The U.S. could beef up the military capacity of its Persian Gulf allies if Iran continues to develop its military program, U.S. Secretary of State Hillary Clinton said.
Clinton, in Thailand for a two-day security conference to discuss North Korea and a range of other regional issues with her Asian counterparts, also warned North Korea that it faces further isolation over its nuclear program.
Clinton, who appeared Wednesday morning on a Thai TV talk show in Bangkok, addressed Iran's nuclear program. She cautioned the U.S will take "crippling action" to upgrade the defence of their allies in the Persian Gulf region if Tehran gets a nuclear bomb.
"We want Iran to calculate what I think is a fair assessment: that if the United States extends a defence umbrella over the region, if we do even more to develop the military capacity of those [allies] in the Gulf, it is unlikely that Iran will be any stronger or safer because they won't be able to intimidate and dominate as they apparently believe they can once they have a nuclear weapon," Clinton said.

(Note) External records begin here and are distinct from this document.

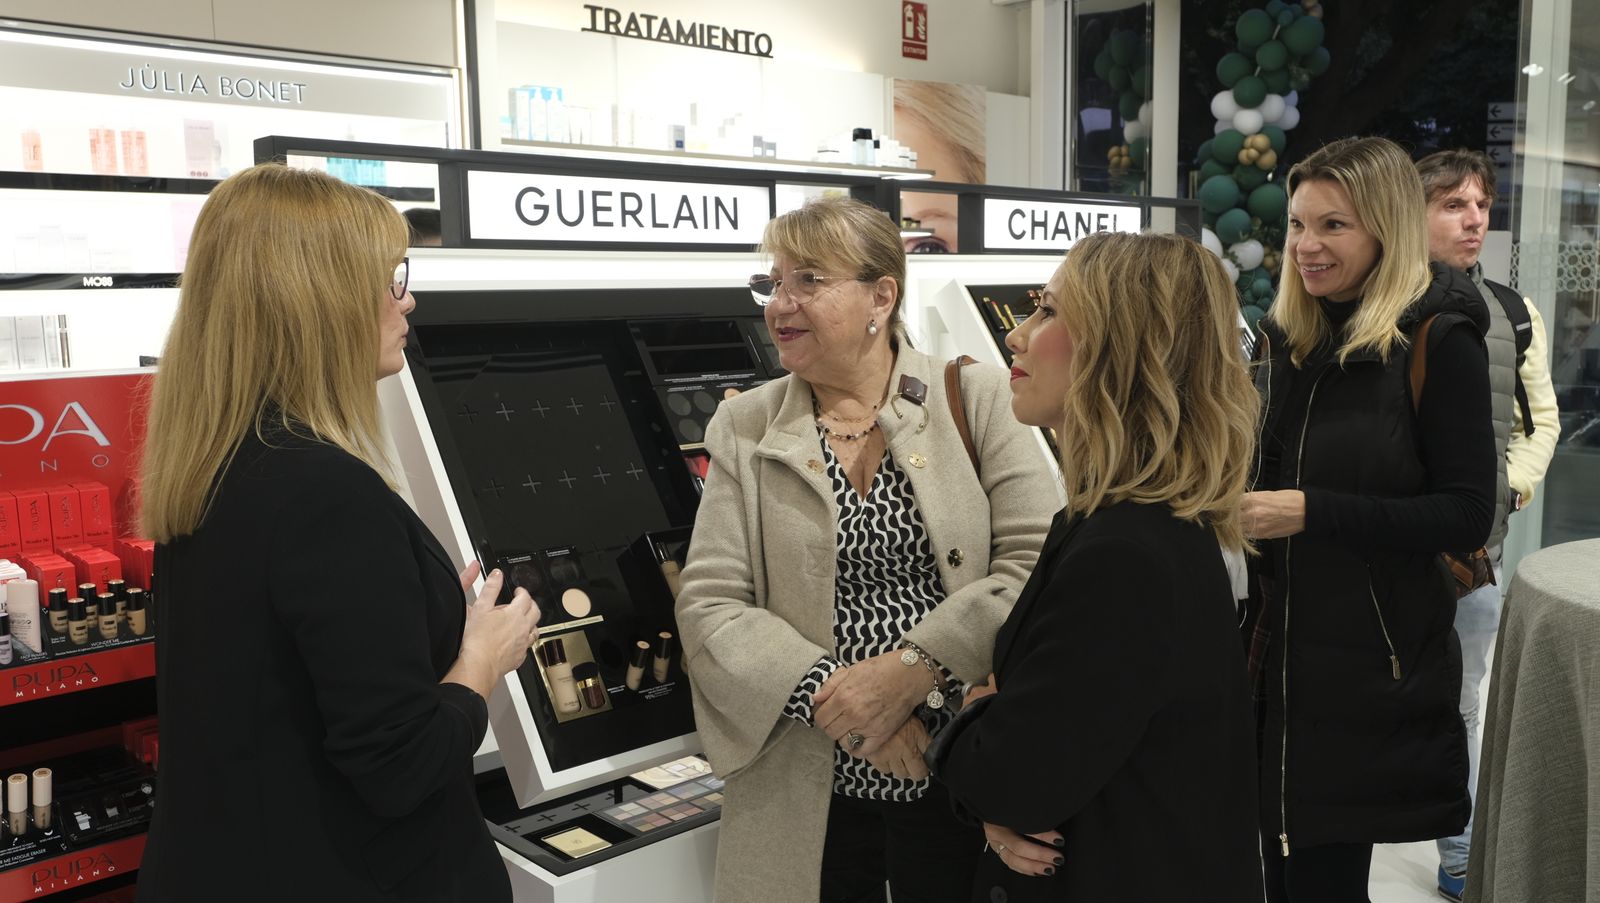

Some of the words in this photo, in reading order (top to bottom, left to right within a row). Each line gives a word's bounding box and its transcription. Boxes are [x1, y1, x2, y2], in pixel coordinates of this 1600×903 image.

[582, 4, 773, 58] TRATAMIENTO
[219, 76, 307, 105] BONET
[515, 185, 740, 232] GUERLAIN
[12, 662, 97, 690] PUPA
[16, 676, 99, 698] MILANO
[31, 852, 114, 886] PUPA
[34, 866, 115, 894] MILANO
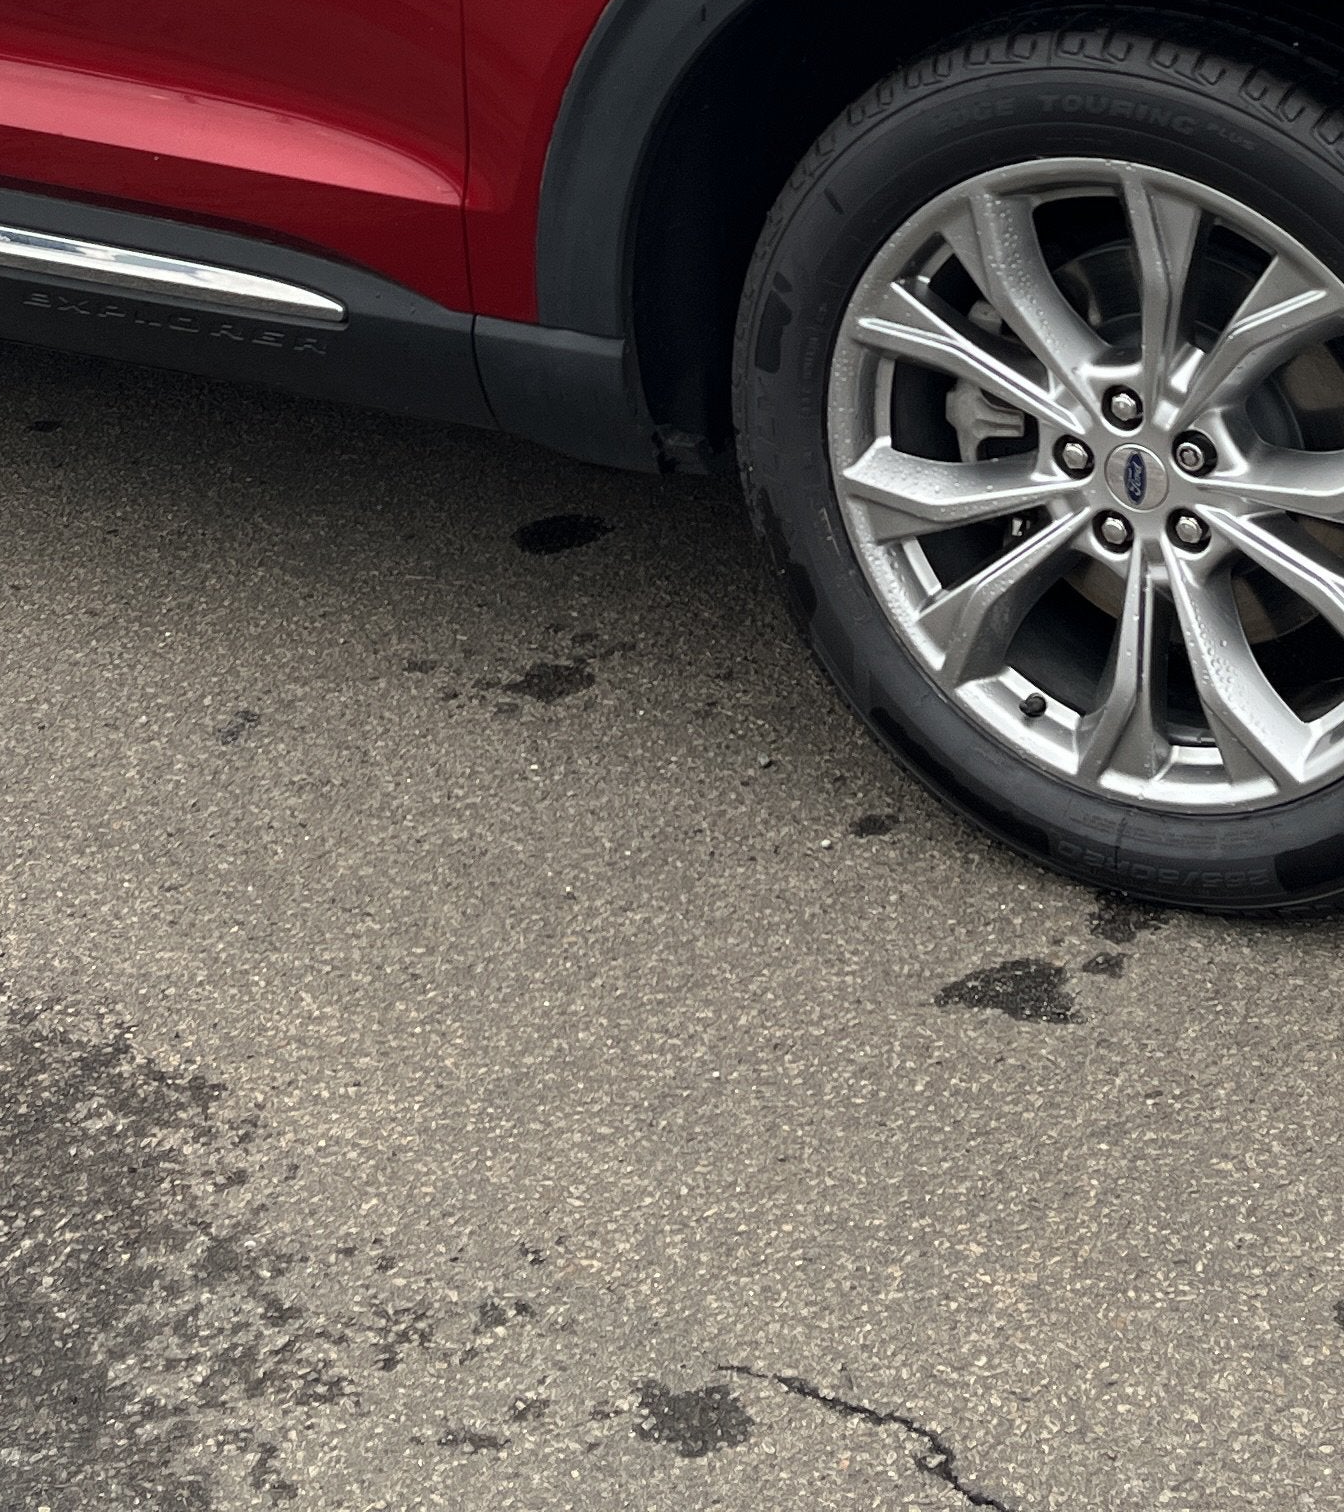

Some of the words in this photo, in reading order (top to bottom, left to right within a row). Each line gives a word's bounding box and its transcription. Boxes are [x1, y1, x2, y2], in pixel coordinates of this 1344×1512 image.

[1039, 93, 1196, 137] TOURING
[22, 291, 327, 356] EXPLORER
[1127, 460, 1142, 497] Ford
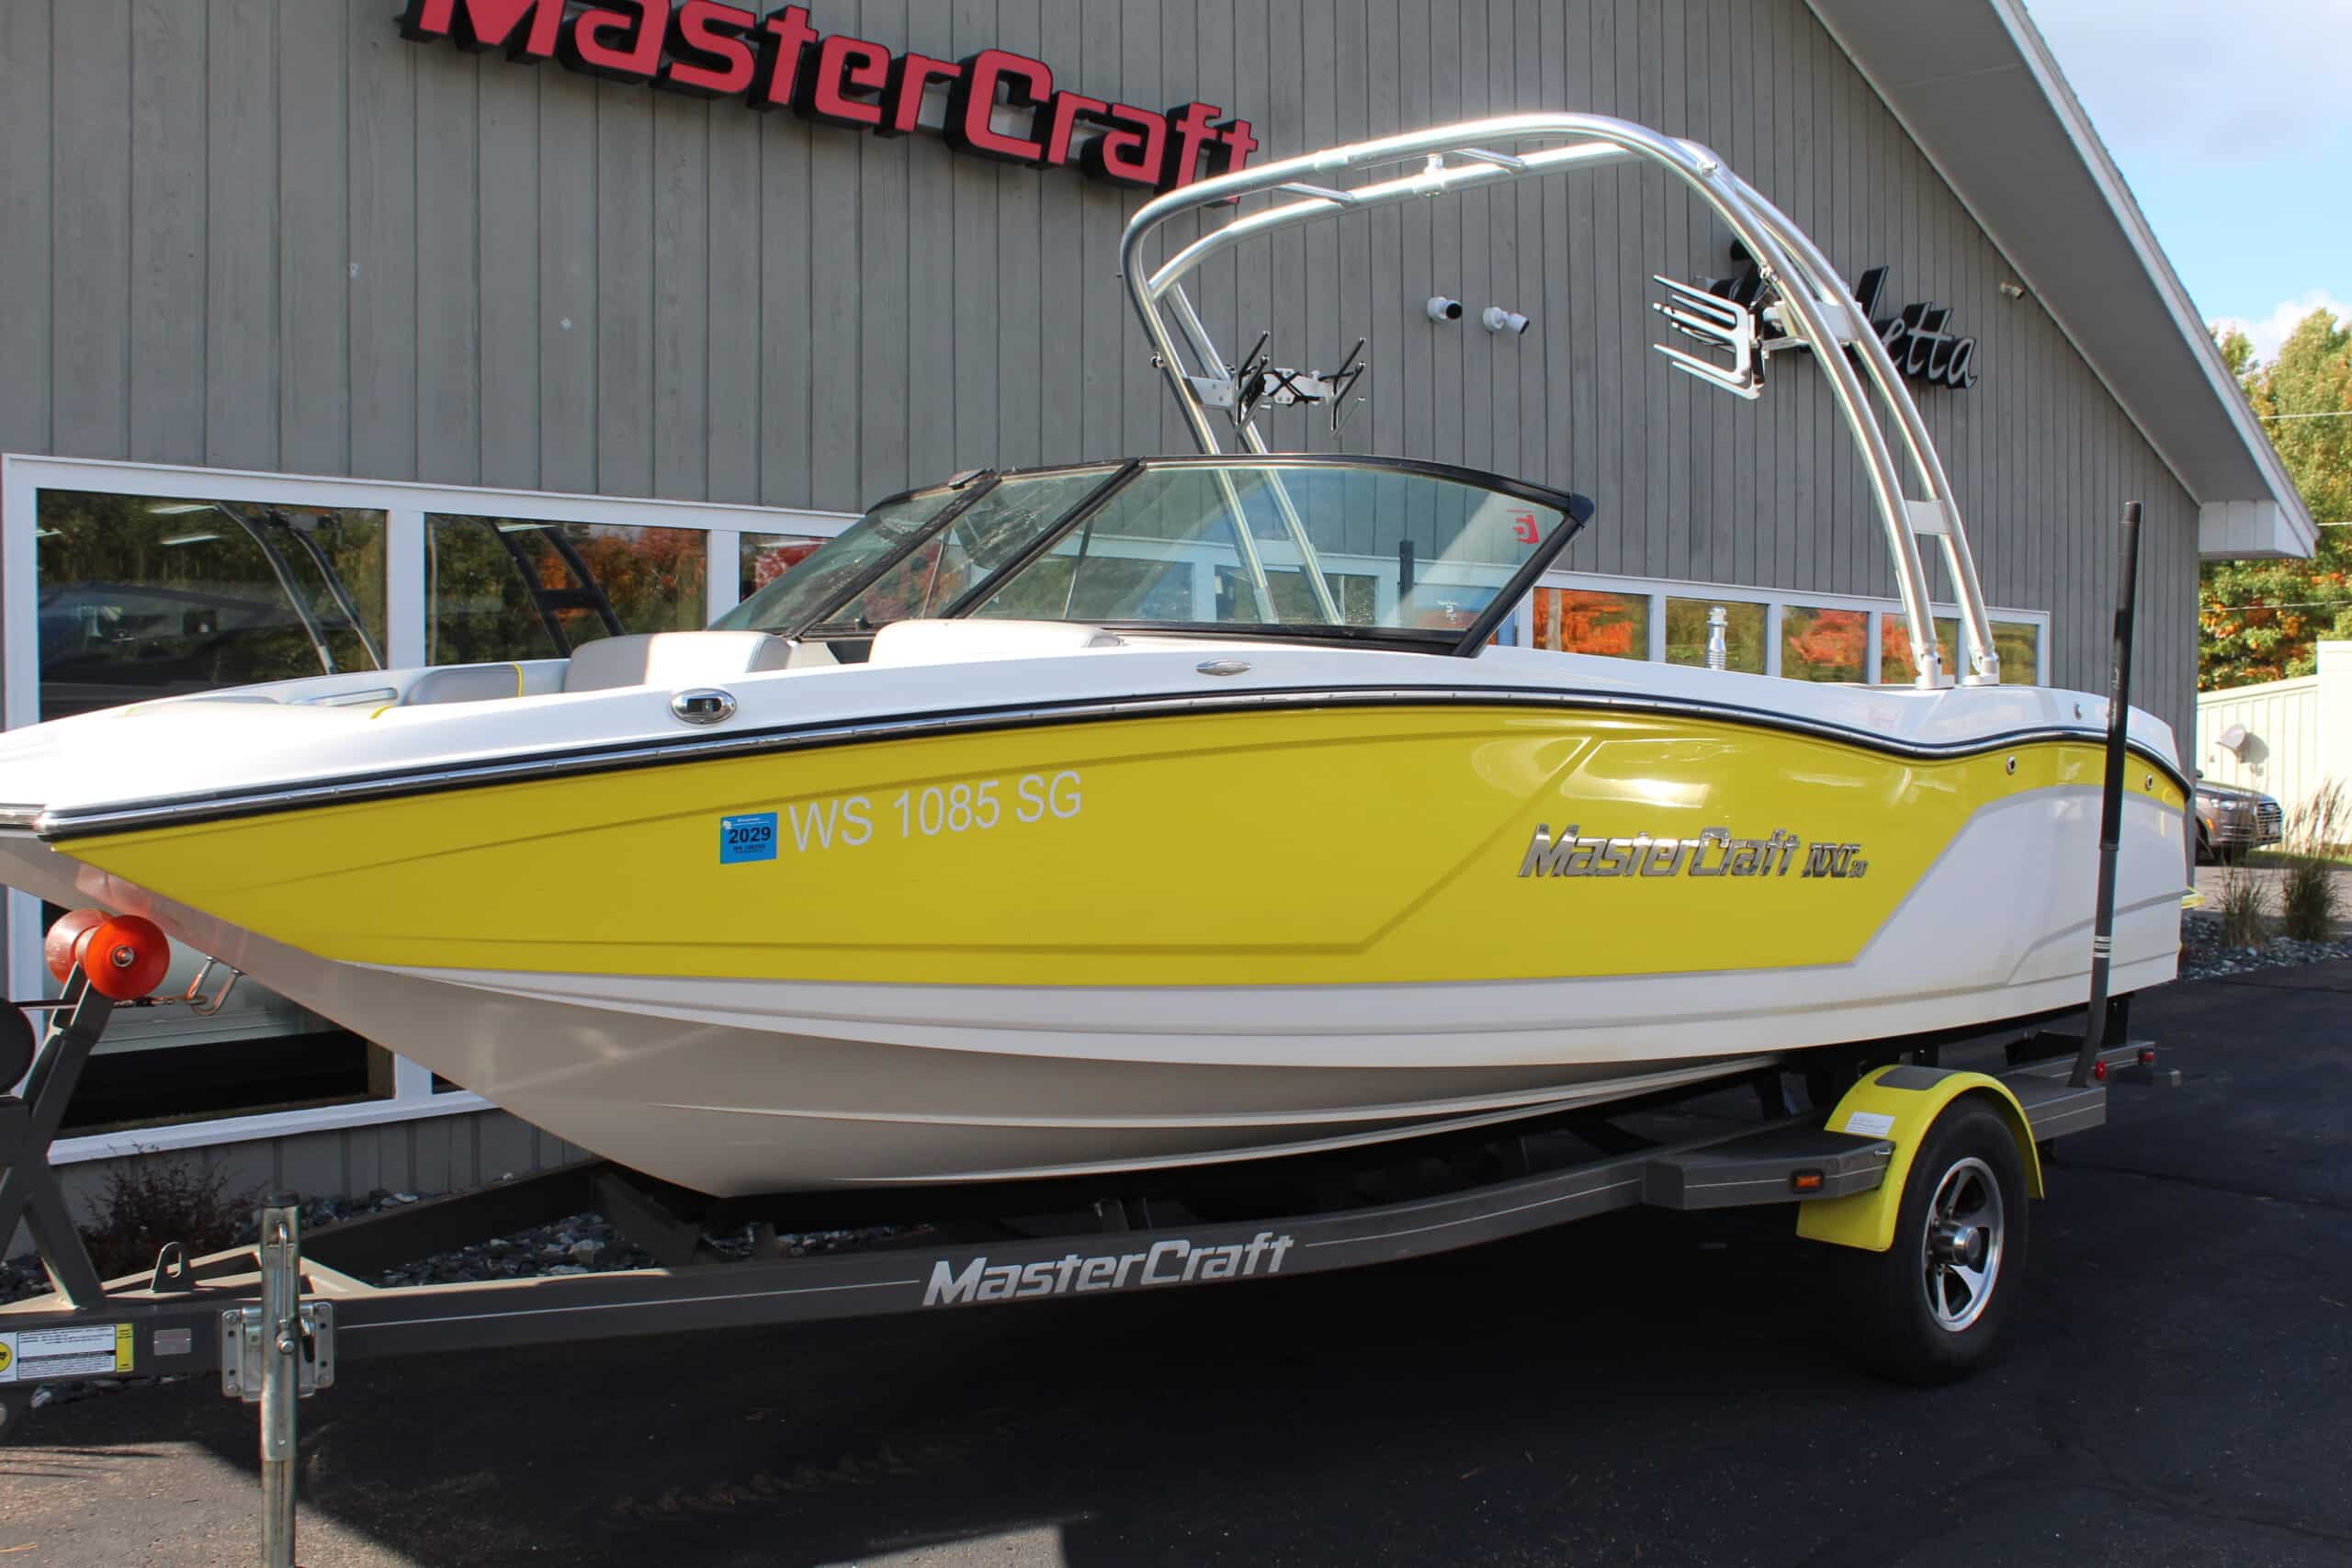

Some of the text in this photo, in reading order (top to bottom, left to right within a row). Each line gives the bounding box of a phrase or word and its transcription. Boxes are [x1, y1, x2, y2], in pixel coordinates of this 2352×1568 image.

[728, 826, 772, 844] 2029
[788, 771, 1082, 852] WS 1085 SG
[1517, 823, 1801, 878] MasterCraft
[922, 1231, 1295, 1307] MasterCraft
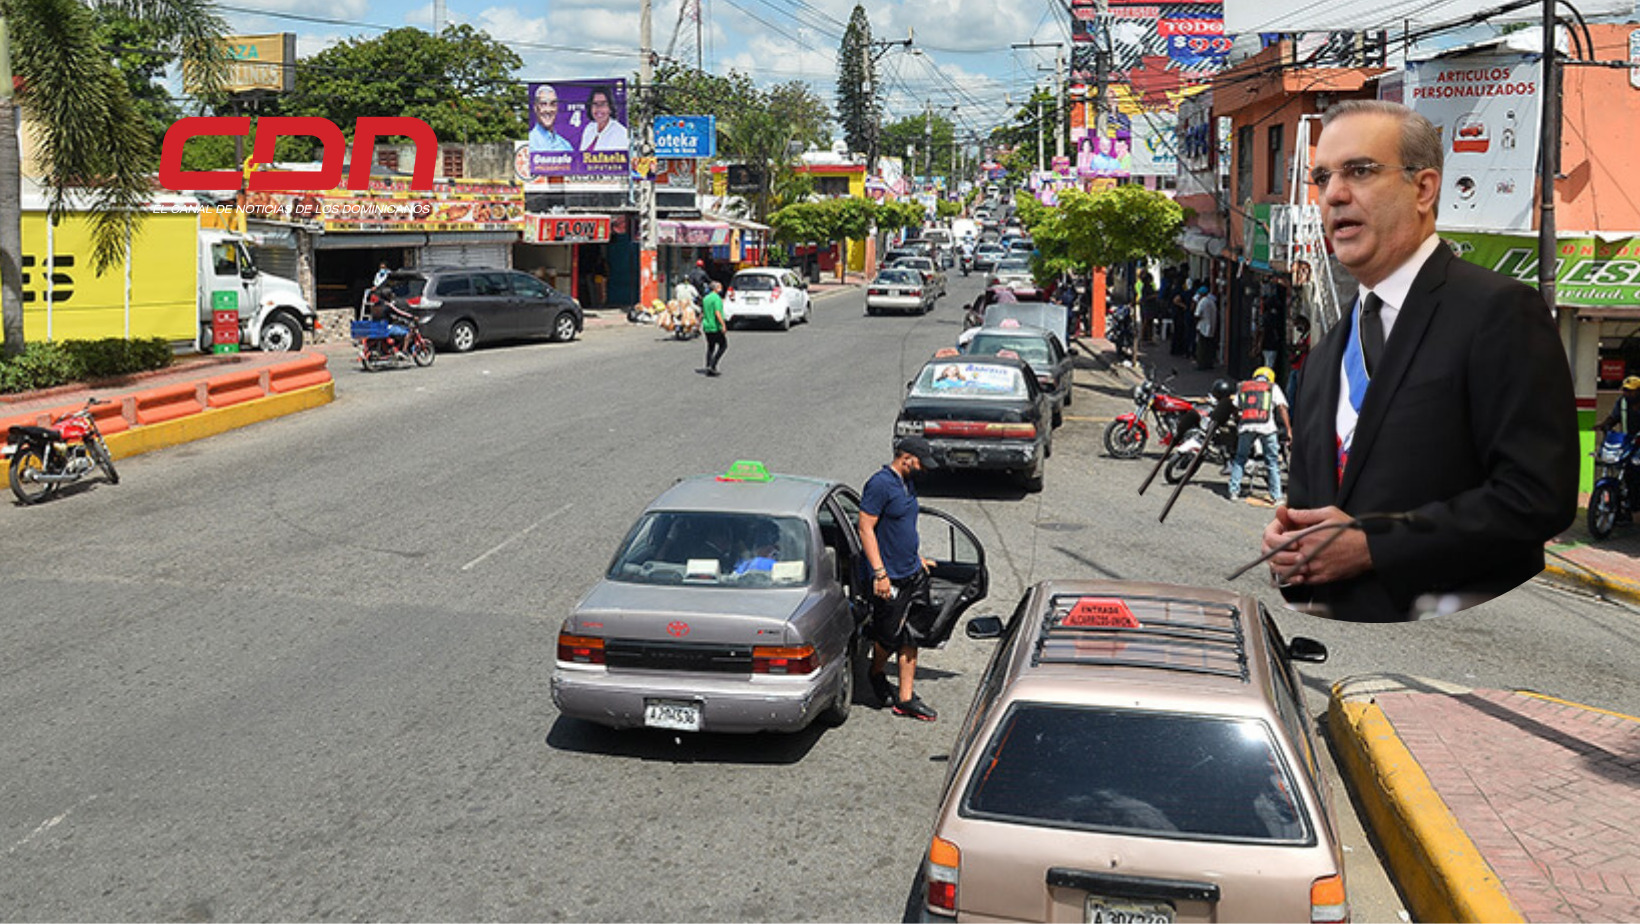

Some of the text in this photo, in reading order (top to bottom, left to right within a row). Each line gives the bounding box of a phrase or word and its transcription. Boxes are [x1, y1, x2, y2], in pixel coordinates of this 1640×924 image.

'I think that's a mistake'
But Dan Meridor, Israel's minister of Intelligence and Atomic Energy, told Army Radio that Clinton's statement suggests the U.S believes a nuclear Iran is a done deal.
"I was not thrilled to hear the American statement from yesterday that they will protect their allies with a nuclear umbrella, as if they have already come to terms with a nuclear Iran. I think that's a mistake," he said.
Later, at a news conference in Phuket, Clinton said North Korea would face "the unrelenting pressure" of international sanctions if it did not end its nuclear weapons program.
"We have made it very clear to the North Koreans that if they will agree to irreversible denuclearization that the United States, as well as our partners, will move forward on a package of incentive and opportunities — including normalizing relations — that will give the people of North Korea a better future."
Clinton said China, Japan, Russia and South Korea agree with Washington on the core goal of irreversibly ending North Korea's nuclear program.
"We do not want to be in another negotiation that doesn't move us toward the goal of denuclearization," she said. "So we want verifiable, irreversible steps taken."